Records for this task Start Marker

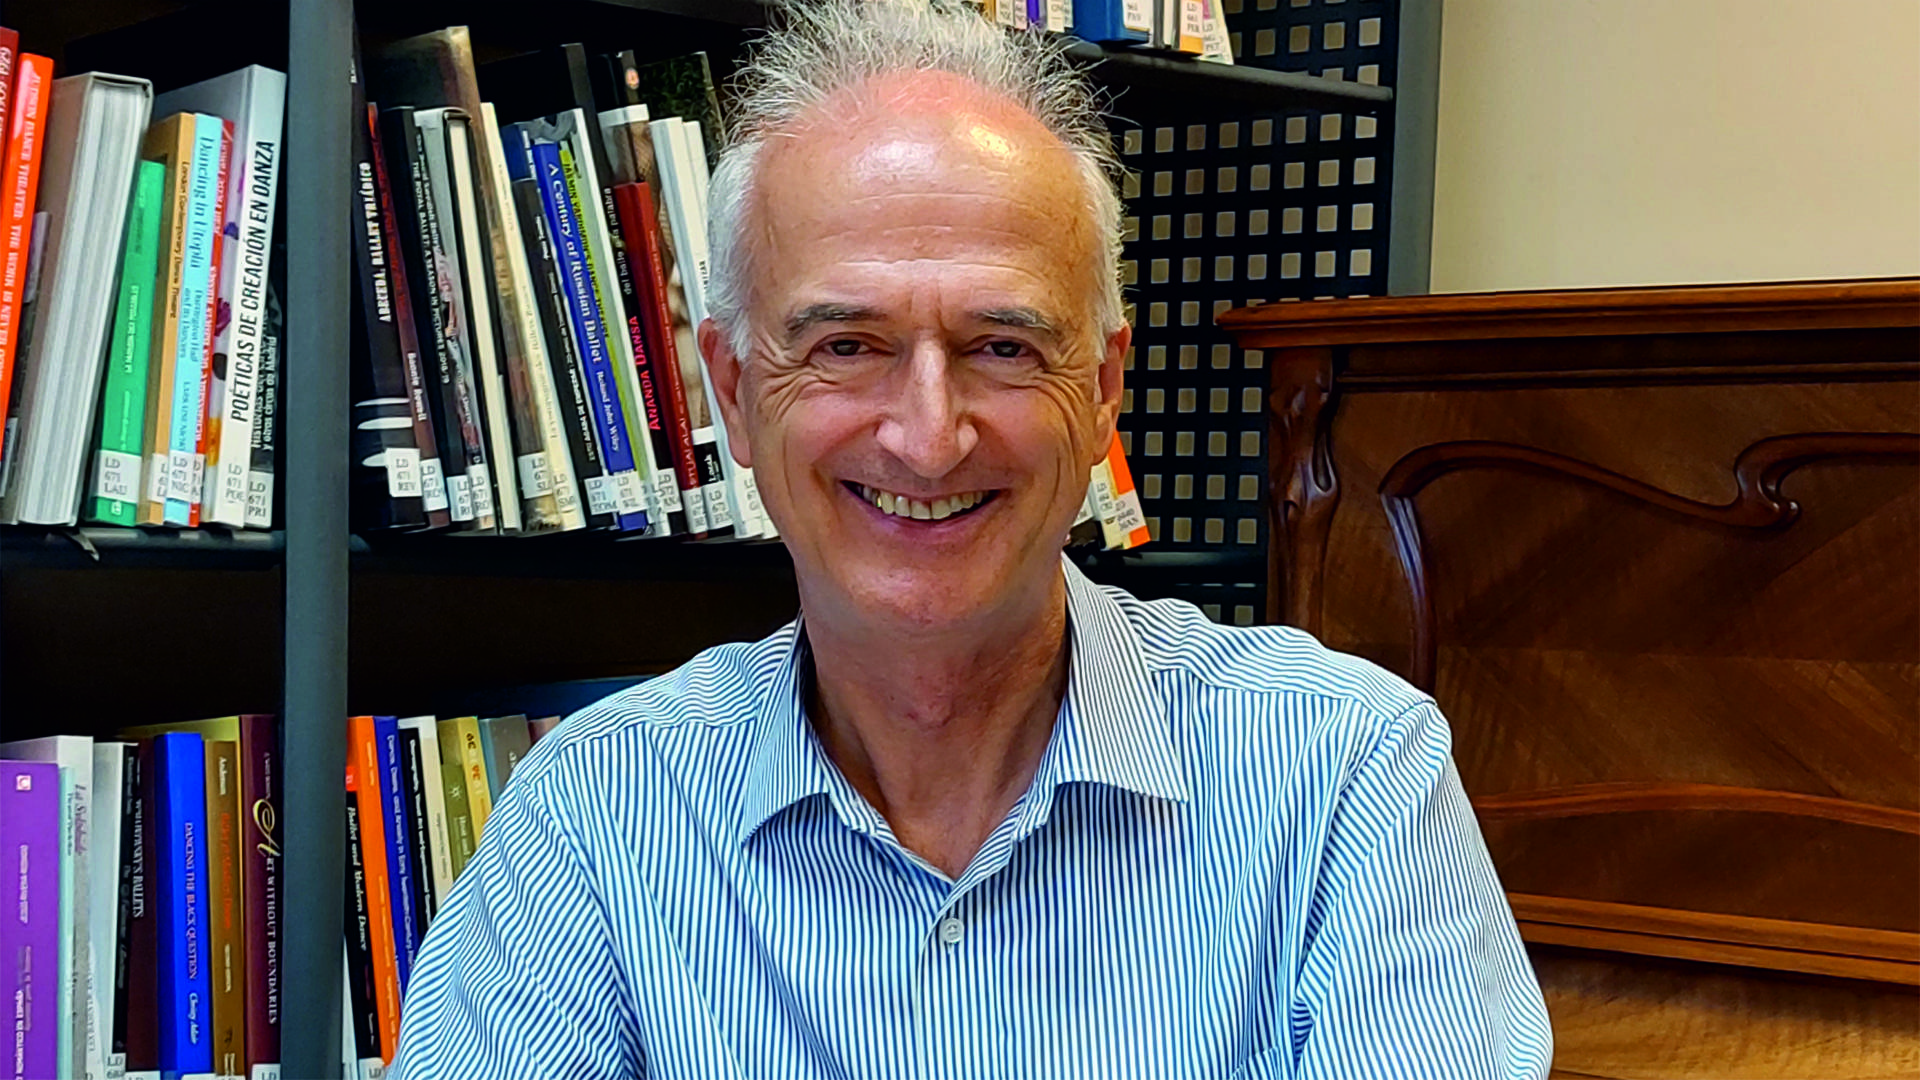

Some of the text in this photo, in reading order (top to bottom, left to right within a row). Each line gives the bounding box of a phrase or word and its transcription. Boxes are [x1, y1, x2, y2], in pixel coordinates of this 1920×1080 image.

[25, 71, 40, 118] JUDSON
[20, 120, 34, 160] DANCE
[179, 160, 189, 193] London
[193, 136, 213, 198] Dancing
[412, 161, 420, 178] THE
[359, 162, 376, 218] TRIÁDICO
[414, 180, 424, 209] ROYAL
[603, 187, 617, 226] palabra
[9, 224, 21, 248] THE
[366, 221, 383, 265] BALLET
[423, 249, 431, 257] A
[548, 163, 601, 362] A Century of Russian Ballet
[616, 250, 628, 276] baile
[4, 251, 17, 286] WORK
[231, 141, 273, 421] POÉTICAS DE CREACIÓN EN DANZA
[425, 258, 436, 294] SEASON
[2, 290, 13, 302] IS
[430, 295, 438, 306] IN
[621, 278, 632, 295] del
[433, 307, 444, 349] PICTURES
[264, 335, 276, 371] Madrid
[628, 315, 661, 432] ANANDA DANSA
[262, 416, 272, 442] otros
[105, 457, 120, 469] LD
[174, 456, 188, 467] LD
[228, 463, 242, 475] LD
[396, 459, 408, 468] LD
[421, 466, 436, 475] LD
[532, 458, 545, 469] LD
[249, 481, 266, 493] LD
[472, 477, 484, 487] LD
[554, 474, 567, 484] LD
[618, 476, 629, 486] LD
[347, 806, 366, 950] Ballet and Modern Dance
[132, 874, 144, 917] BALLETS
[184, 821, 197, 979] DANCING THE BLACK QUESTION
[266, 875, 276, 937] WITHOUT
[267, 940, 277, 1023] BOUNDARIES
[107, 1056, 123, 1066] LD

Records for this task End Marker

Print the whole listing again exactly, please. No pictures.

**Your response**
Some of the text in this photo, in reading order (top to bottom, left to right within a row). Each line gives the bounding box of a phrase or word and its transcription. Boxes are [x1, y1, x2, y2], in pixel coordinates of this 1920×1080 image.

[25, 71, 40, 118] JUDSON
[20, 120, 34, 160] DANCE
[179, 160, 189, 193] London
[193, 136, 213, 198] Dancing
[412, 161, 420, 178] THE
[359, 162, 376, 218] TRIÁDICO
[414, 180, 424, 209] ROYAL
[603, 187, 617, 226] palabra
[9, 224, 21, 248] THE
[366, 221, 383, 265] BALLET
[423, 249, 431, 257] A
[548, 163, 601, 362] A Century of Russian Ballet
[616, 250, 628, 276] baile
[4, 251, 17, 286] WORK
[231, 141, 273, 421] POÉTICAS DE CREACIÓN EN DANZA
[425, 258, 436, 294] SEASON
[2, 290, 13, 302] IS
[430, 295, 438, 306] IN
[621, 278, 632, 295] del
[433, 307, 444, 349] PICTURES
[264, 335, 276, 371] Madrid
[628, 315, 661, 432] ANANDA DANSA
[262, 416, 272, 442] otros
[105, 457, 120, 469] LD
[174, 456, 188, 467] LD
[228, 463, 242, 475] LD
[396, 459, 408, 468] LD
[421, 466, 436, 475] LD
[532, 458, 545, 469] LD
[249, 481, 266, 493] LD
[472, 477, 484, 487] LD
[554, 474, 567, 484] LD
[618, 476, 629, 486] LD
[347, 806, 366, 950] Ballet and Modern Dance
[132, 874, 144, 917] BALLETS
[184, 821, 197, 979] DANCING THE BLACK QUESTION
[266, 875, 276, 937] WITHOUT
[267, 940, 277, 1023] BOUNDARIES
[107, 1056, 123, 1066] LD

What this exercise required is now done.